→ **REQUIRED WORK**
Output each record below exactly, leaving any picture out of the copy.

→ **DATASET RECORDS**
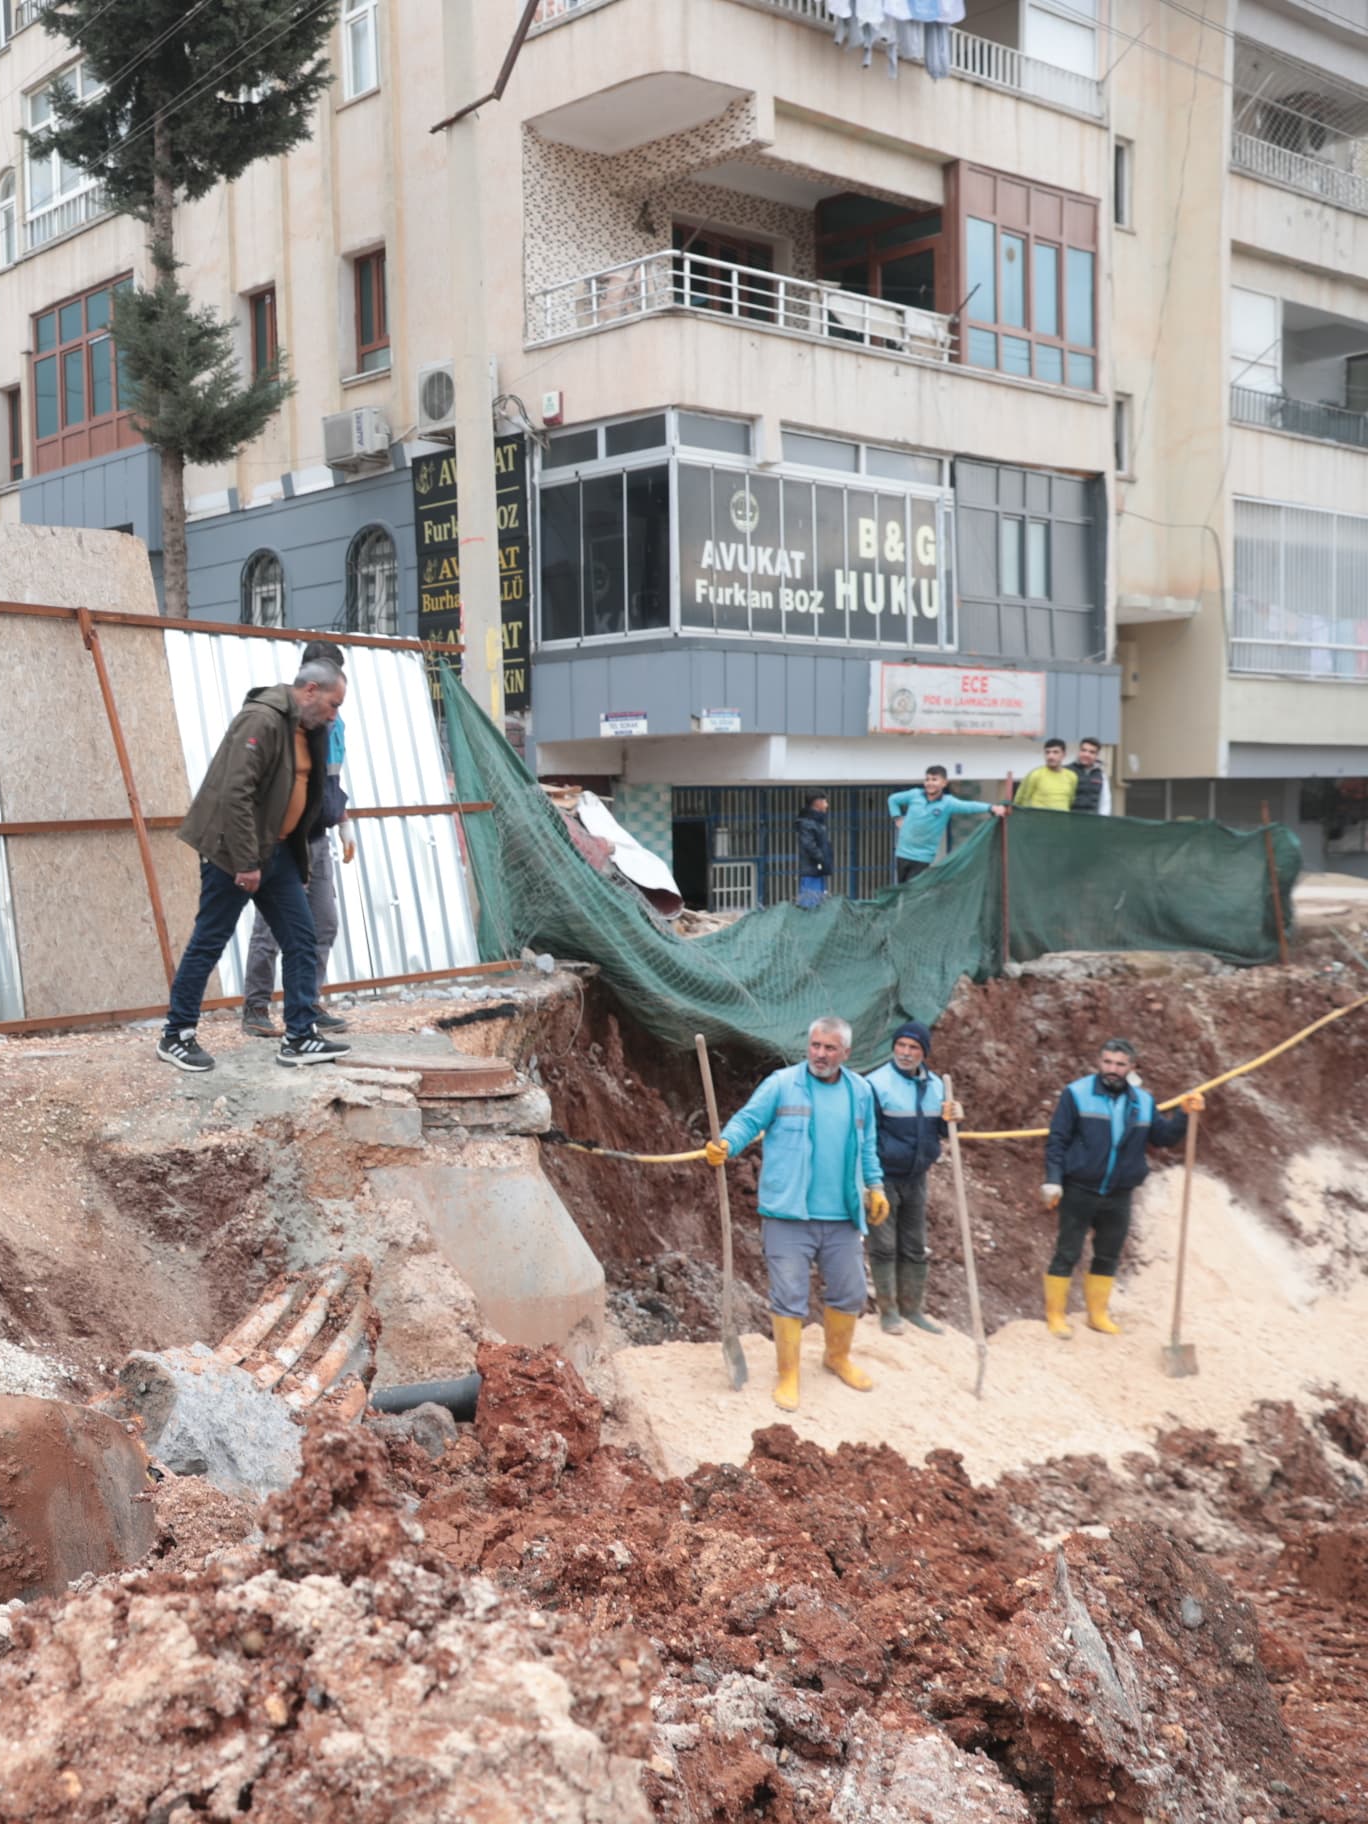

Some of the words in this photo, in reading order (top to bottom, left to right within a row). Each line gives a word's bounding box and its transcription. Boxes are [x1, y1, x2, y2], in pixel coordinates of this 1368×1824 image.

[497, 503, 520, 530] OZ
[701, 539, 805, 579] AVUKAT
[422, 590, 461, 613] Burha
[695, 578, 773, 609] Furkan
[779, 588, 824, 613] BOZ
[961, 675, 989, 694] ECE
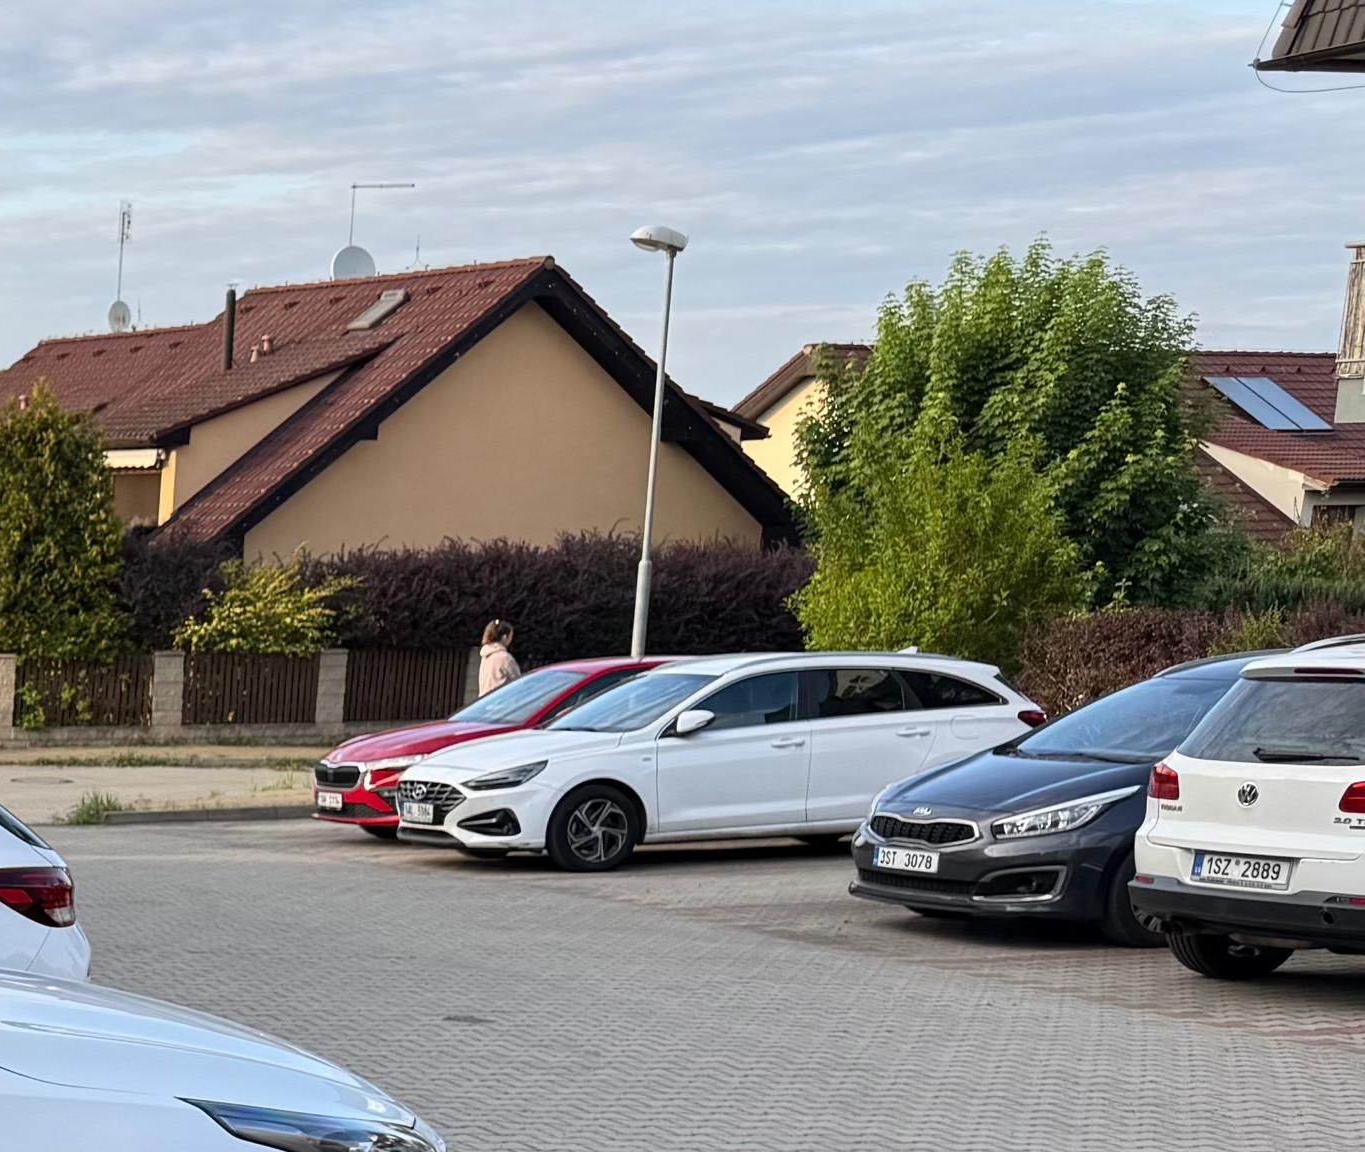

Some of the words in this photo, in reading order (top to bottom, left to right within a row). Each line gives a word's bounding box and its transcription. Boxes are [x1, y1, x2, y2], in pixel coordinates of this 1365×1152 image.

→ **RESPONSE AREA**
Some of the words in this photo, in reading order (top to bottom, left to right within a row). Each line gives a word's bounding box and its transcription. Boxes are [x1, y1, x2, y2], in pixel coordinates of this 1368×1824 image.

[497, 503, 520, 530] OZ
[701, 539, 805, 579] AVUKAT
[422, 590, 461, 613] Burha
[695, 578, 773, 609] Furkan
[779, 588, 824, 613] BOZ
[961, 675, 989, 694] ECE

Some of the words in this photo, in reading order (top to bottom, left to right within a row). Each line gives a word's bounding box and its transcription. Boxes are [x1, y1, x2, y2], in pixel coordinates of this 1365×1152 image.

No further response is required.